Materials provided:
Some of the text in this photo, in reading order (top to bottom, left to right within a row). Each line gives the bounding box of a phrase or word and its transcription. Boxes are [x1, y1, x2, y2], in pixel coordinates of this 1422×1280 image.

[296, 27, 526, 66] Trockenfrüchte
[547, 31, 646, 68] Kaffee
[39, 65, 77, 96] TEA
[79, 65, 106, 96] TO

...

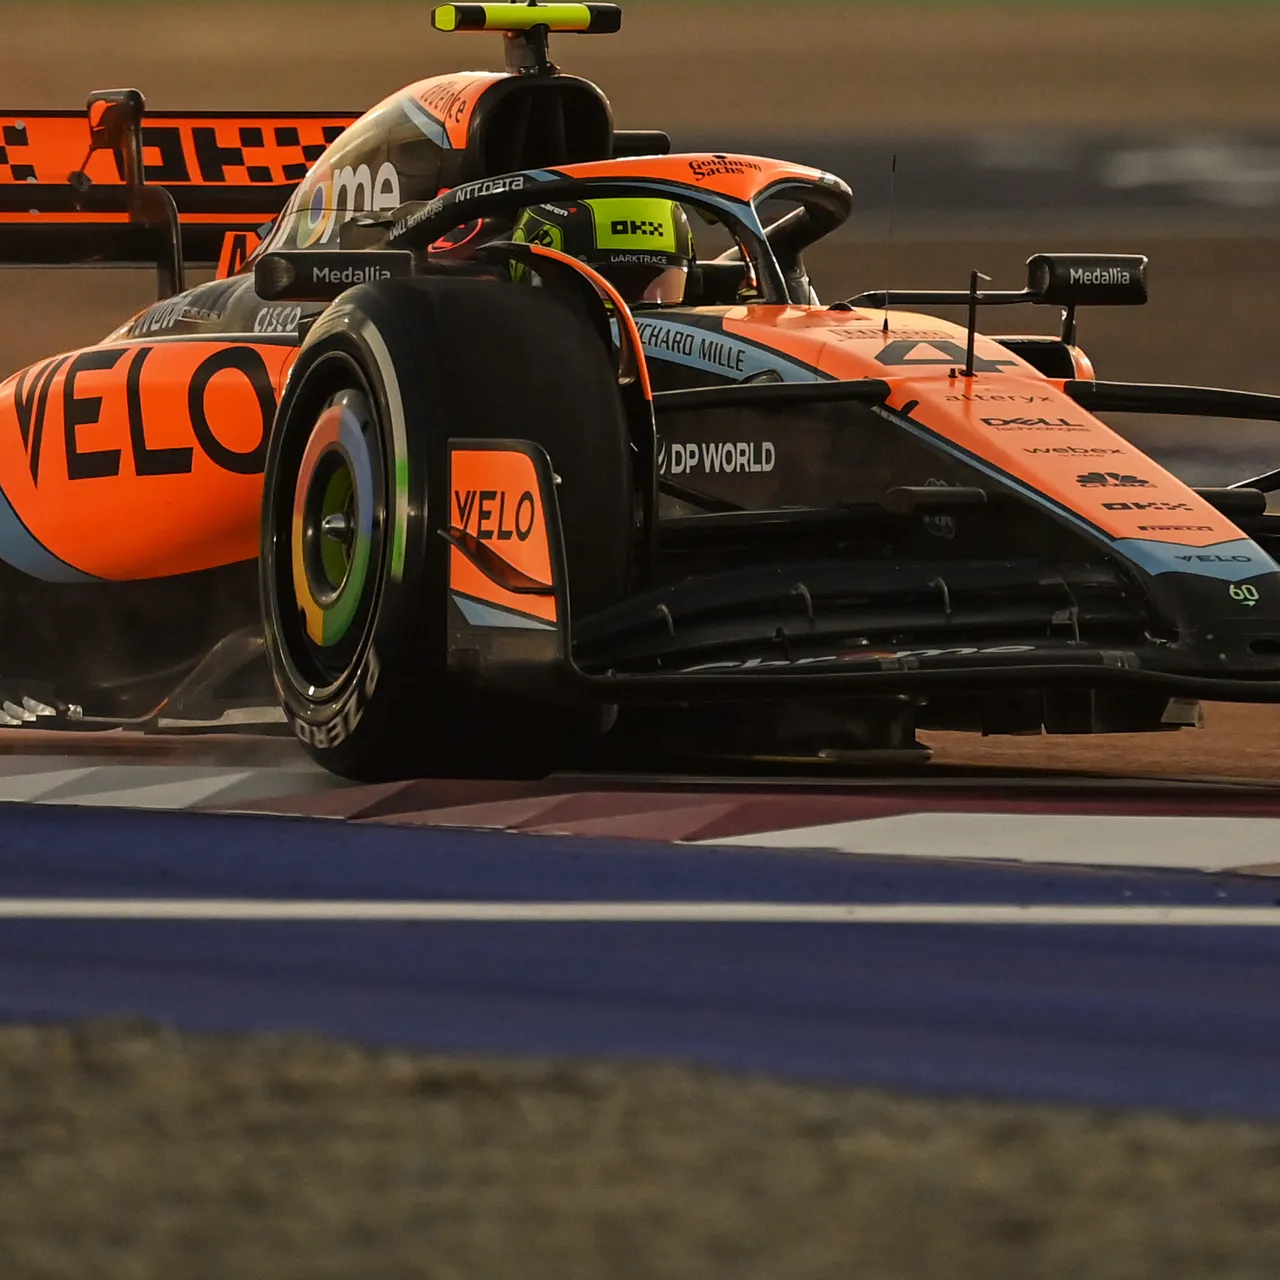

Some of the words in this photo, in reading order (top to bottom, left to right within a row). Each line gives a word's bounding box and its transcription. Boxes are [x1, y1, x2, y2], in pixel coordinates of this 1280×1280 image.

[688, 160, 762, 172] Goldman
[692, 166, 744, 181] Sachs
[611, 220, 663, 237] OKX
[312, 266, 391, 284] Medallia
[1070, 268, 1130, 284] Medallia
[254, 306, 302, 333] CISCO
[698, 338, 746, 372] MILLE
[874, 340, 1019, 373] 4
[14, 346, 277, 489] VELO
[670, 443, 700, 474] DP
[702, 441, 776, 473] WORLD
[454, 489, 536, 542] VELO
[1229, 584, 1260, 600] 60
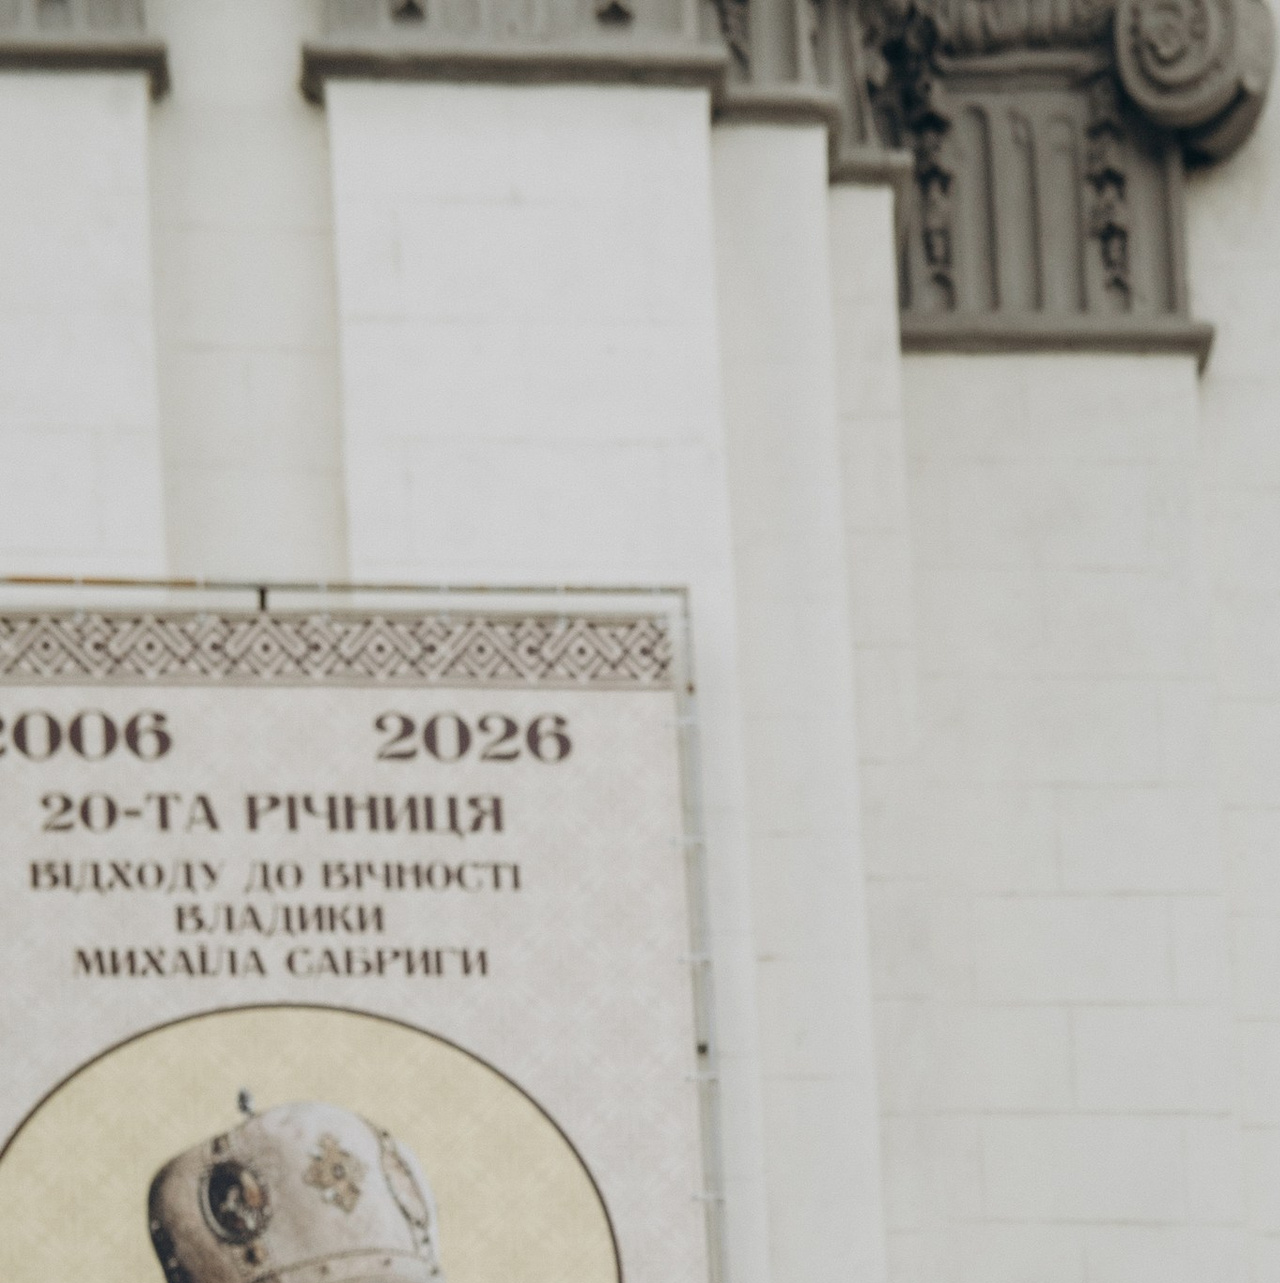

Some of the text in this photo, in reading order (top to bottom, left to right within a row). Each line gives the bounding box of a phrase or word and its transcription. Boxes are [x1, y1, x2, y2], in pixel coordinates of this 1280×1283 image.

---

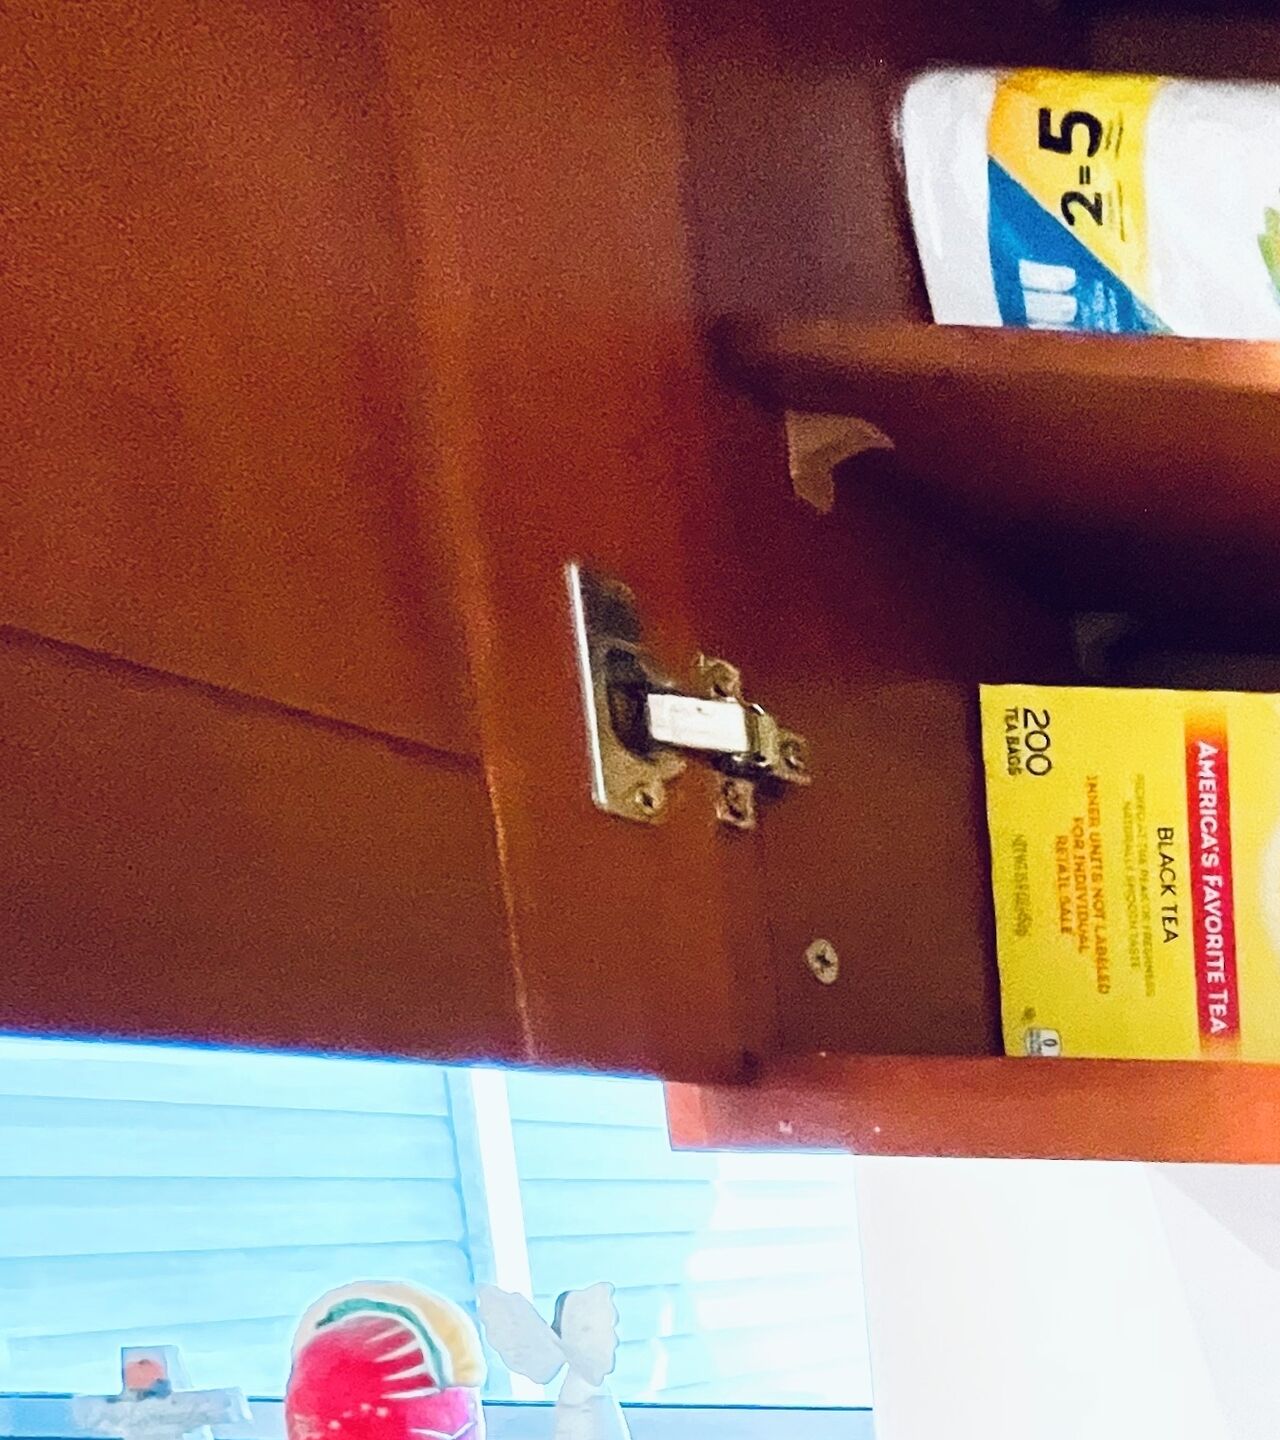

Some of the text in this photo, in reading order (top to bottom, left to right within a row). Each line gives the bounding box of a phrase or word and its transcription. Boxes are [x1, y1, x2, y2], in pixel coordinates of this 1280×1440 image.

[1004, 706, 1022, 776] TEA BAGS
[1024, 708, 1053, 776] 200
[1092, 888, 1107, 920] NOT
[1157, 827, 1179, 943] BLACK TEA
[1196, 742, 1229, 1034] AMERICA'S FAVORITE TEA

What you have to do: No picture is to be printed. Output exactly the lines above from the line containing "Some of the words" through the line containing "this 1280×1283 image.".

Output of the exercise:
Some of the words in this photo, in reading order (top to bottom, left to right within a row). Each line gives a word's bounding box and its transcription. Boxes are [x1, y1, x2, y2], in pixel coordinates of this 1280×1280 image.

[688, 160, 762, 172] Goldman
[692, 166, 744, 181] Sachs
[611, 220, 663, 237] OKX
[312, 266, 391, 284] Medallia
[1070, 268, 1130, 284] Medallia
[254, 306, 302, 333] CISCO
[698, 338, 746, 372] MILLE
[874, 340, 1019, 373] 4
[14, 346, 277, 489] VELO
[670, 443, 700, 474] DP
[702, 441, 776, 473] WORLD
[454, 489, 536, 542] VELO
[1229, 584, 1260, 600] 60

Some of the text in this photo, in reading order (top to bottom, left to right within a row). Each line gives the bounding box of a phrase or word and its transcription. Boxes are [x1, y1, x2, y2], in pixel coordinates of this 1280×1283 image.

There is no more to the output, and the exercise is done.